Yes, for most of us our trip to Cambridge turned out to be an almost epicurean pleasure, a quick despatch from the battle front called real life - and that not merely because of its awe-inspiring architecture dripping with history and scholarship. Truth to be told, we were also only too delighted to succumb to the more mundane pleasures the City had on offer to boot. Thus we relaxed in the sun on the banks of the River Cam, in its many traditional pubs, restaurants and cafés whilst exploring the myriad of shops around the historic market place. There is a fairly new shopping centre, too, with all the variety of outlets one would expect in any regular city of this size. And for those few of us who didn’t believe in the restorative powers of night-time sleep, there was always the possibility of taking a few samples of the city’s vibrant student night life, an experience which had some of our students dancing along the reaches of Trumpington Street in the early hours of the morning, too!
Sadly enough, though, school life is said to be all about hard work. Perhaps the secret, however, lies hidden in just the right combination of work and pleasure – and, for us at least, the pleasures of this trip brought about by the overall ambience of the place were perfectly complemented by some most satisfactory work results. Not only did our visit start to break down some of the linguistic barriers in those students to whom this florid and fanciful English language had previously seemed so deeply resistible, our Comenius working group also managed to start off on what was going to develop into a most amiable and industrious co-operation with our English project partners in the years to come.
The purpose of our Comenius Project is to enable students and staff from our school as well as from our partner schools in England and Turkey to collaborate on a joint project whose aim is to develop innovative forms of teaching and learning within our three establishments. The working groups within each college will focus on whole-school development and on possible ways to enhance the students' autonomy with the main aim of developing innovative forms of teaching and learning. We are hoping to develop new ideas and aims by comparing practices across national boundaries, and to integrate these ideas and aims in our daily schedules at school.
A second visit to Cambridge took place in September 2009 during which the work begun was further developed and enhanced.

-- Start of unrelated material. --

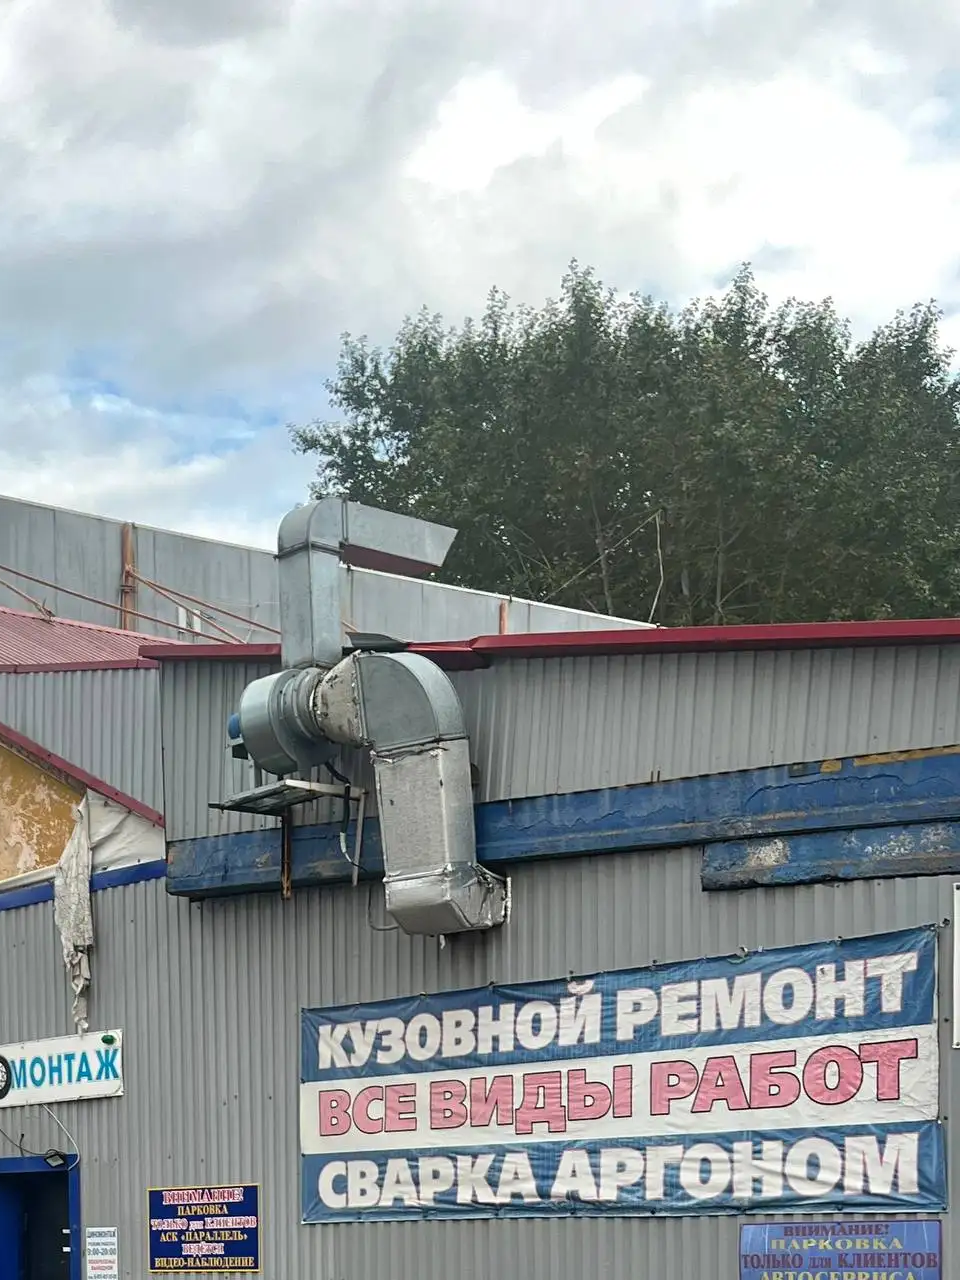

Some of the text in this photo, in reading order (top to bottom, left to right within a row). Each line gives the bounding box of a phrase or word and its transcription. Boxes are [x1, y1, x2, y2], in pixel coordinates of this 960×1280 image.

We hugely enjoyed the opportunity of consolidating our personal contacts with our colleagues from the Cambridge Centre for Sixth Form Studies, asw well as renewing our acquaintance with this splendid city.

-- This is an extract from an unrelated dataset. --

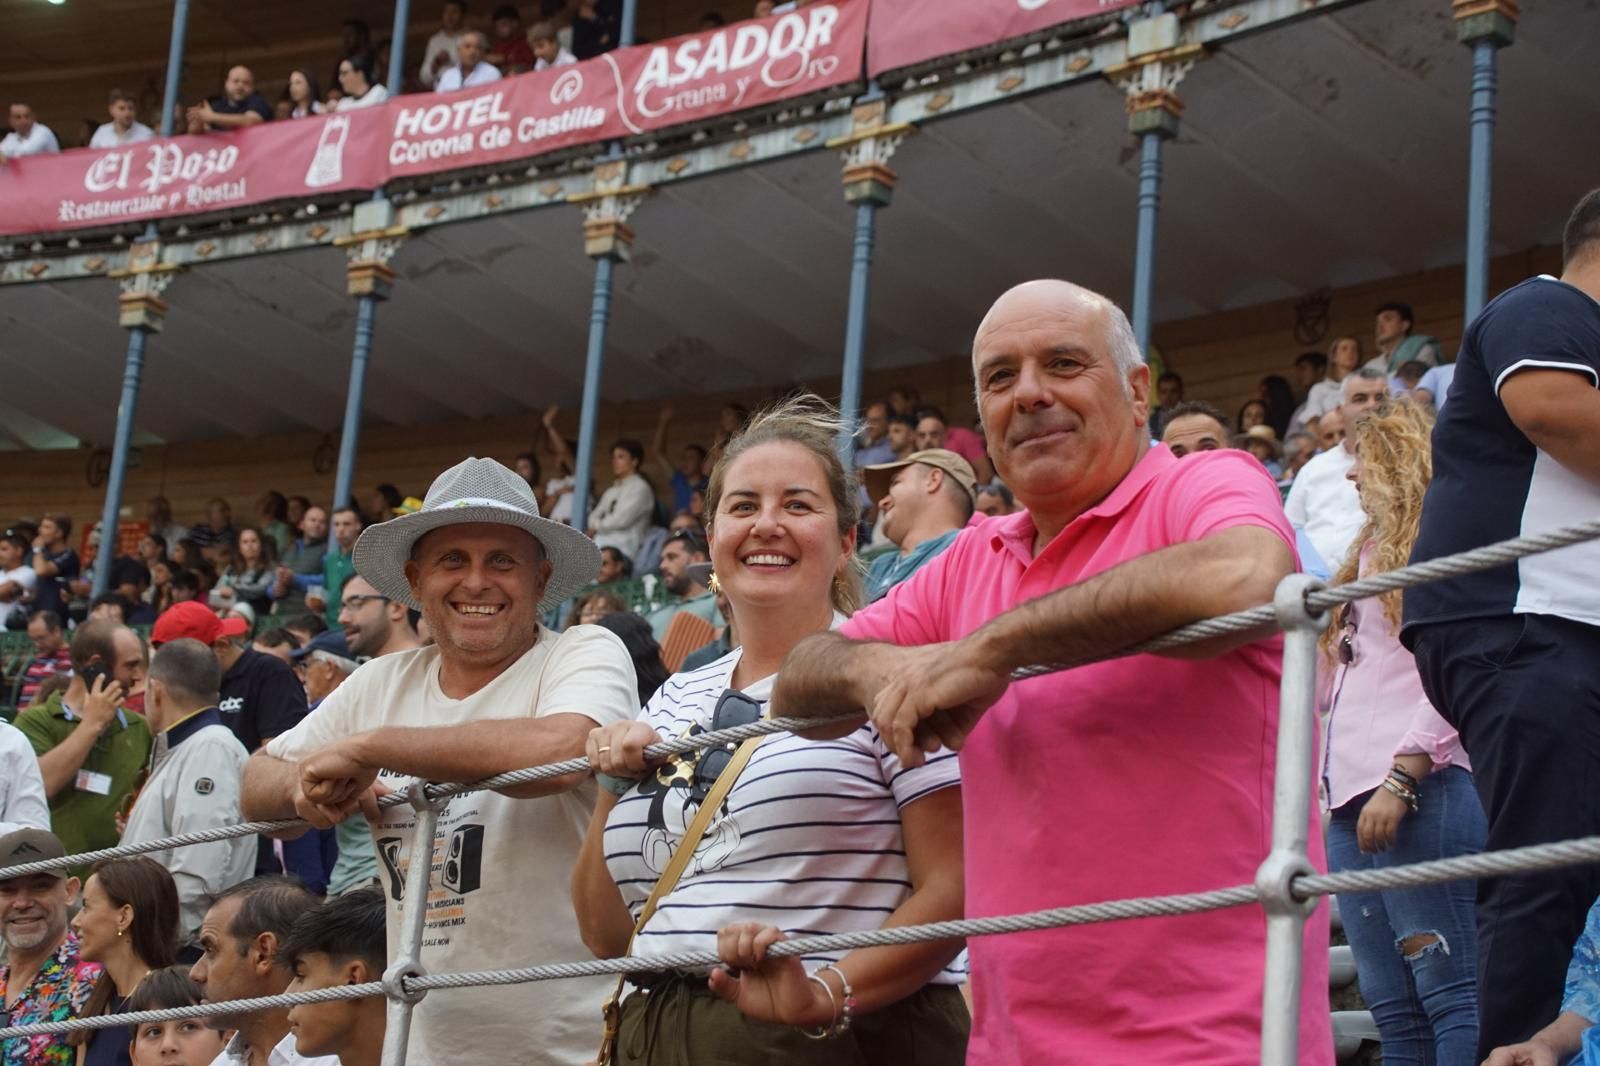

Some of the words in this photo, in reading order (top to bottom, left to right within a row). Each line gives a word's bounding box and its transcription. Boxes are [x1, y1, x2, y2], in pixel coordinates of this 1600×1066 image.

So once again we found ourselves rolling the wheels of our trolleys through airports and railway stations, and once again there was little else that cheered our way that very first night of our arrival till first we saw the turrets and pinnacles of Cambridge in answering files …
… well, OK, perhaps the plates of traditional fish and chips, which were shoved in front of us at The Eagle in Bene’t Street just a wee while later, along with a few most refreshing pints of Abbey’s Best Ale weren’t all to be sneezed at either!